Teen Pregnacy And Withdrawl

Posted by Admin

What Is It?

Withdrawal is when a guy removes his penis from the vagina just before he ejaculates (also called coitus interruptus or pulling out).
How Does It Work?

Withdrawal is an attempt to keep sperm from entering the vagina by having the guy ejaculate outside the vagina.
How Well Does It Work?

Over the course of 1 year, about 27 out of 100 typical couples who rely on withdrawal to prevent pregnancy will have an accidental pregnancy. Of course, this is an average figure and the chance of getting pregnant depends on whether you use this method correctly and every time you have sex.

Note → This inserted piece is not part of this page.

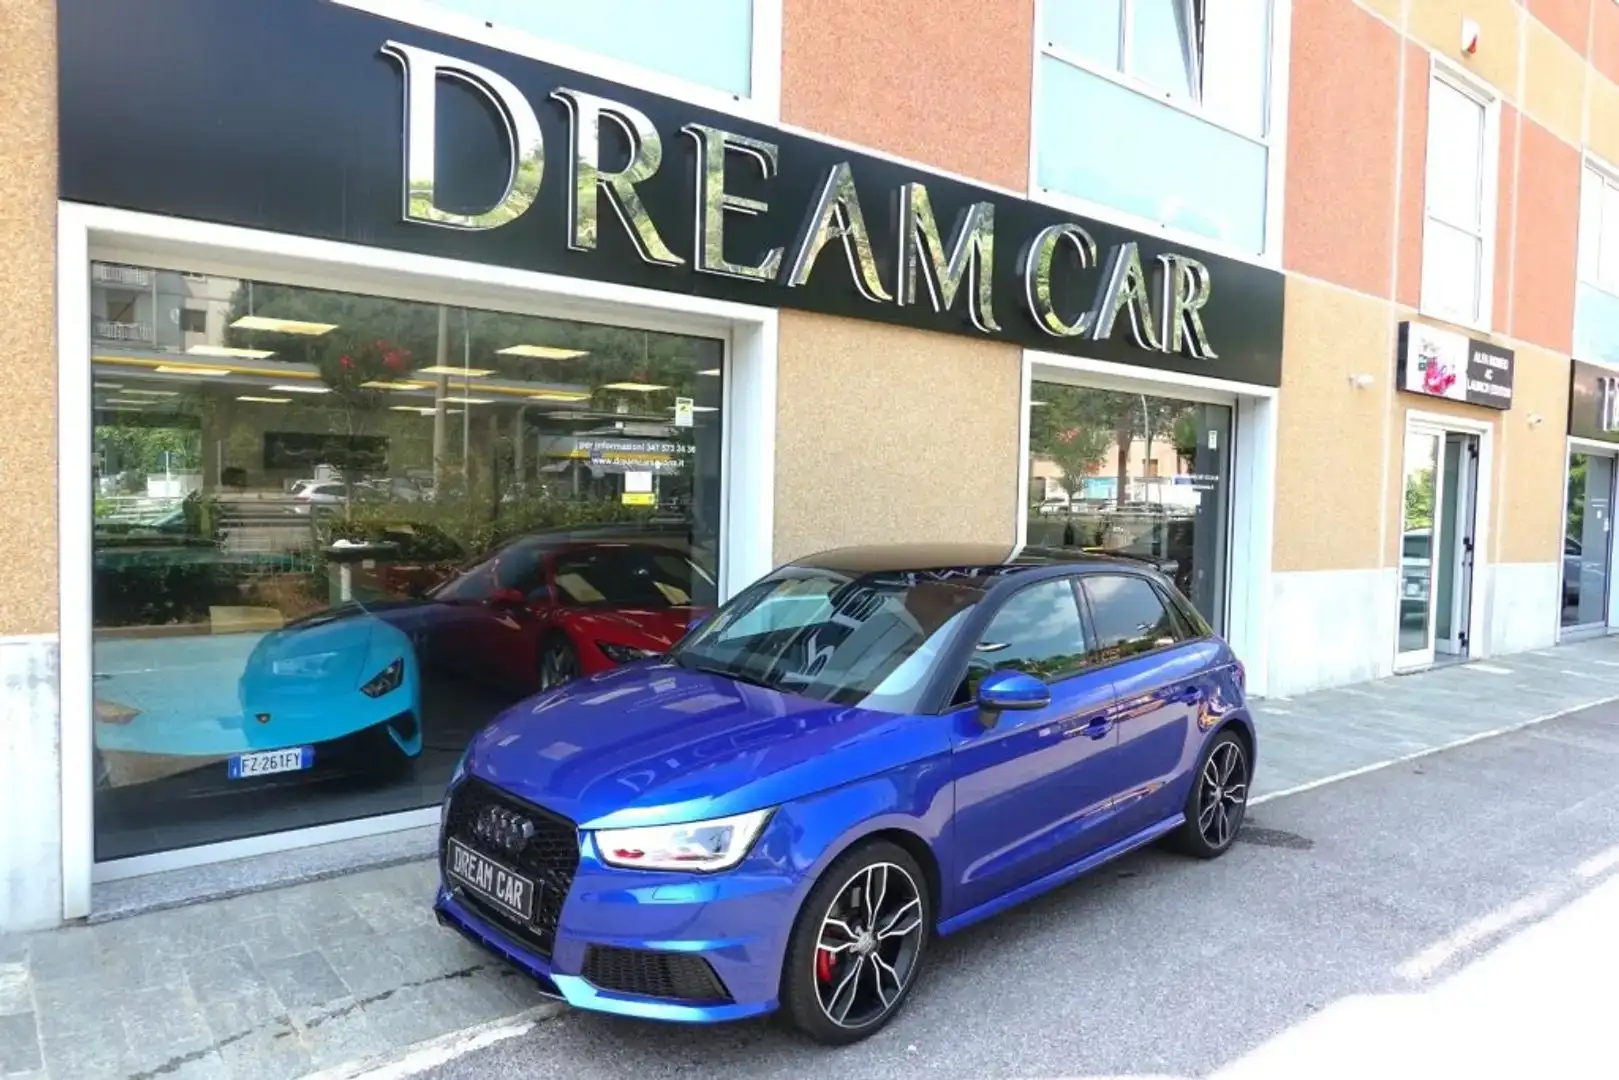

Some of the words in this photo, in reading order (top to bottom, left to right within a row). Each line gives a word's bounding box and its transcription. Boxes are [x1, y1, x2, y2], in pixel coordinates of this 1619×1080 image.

Even for people who think they are doing it correctly, withdrawal is not an effective way to prevent pregnancy. Guys leak a bit of sperm out of the penis even before ejaculation, which means that even if a guy pulls out before he ejaculates, a girl can still become pregnant. Also, if a guy ejaculates close to the outside of the vagina, the sperm can swim up into the vagina. However, withdrawal is considered a better method of contraception than none at all.
Protection Against STDs

Withdrawal does not protect against sexually transmitted diseases (STDs). For those having sex, condoms must always be used to protect against STDs.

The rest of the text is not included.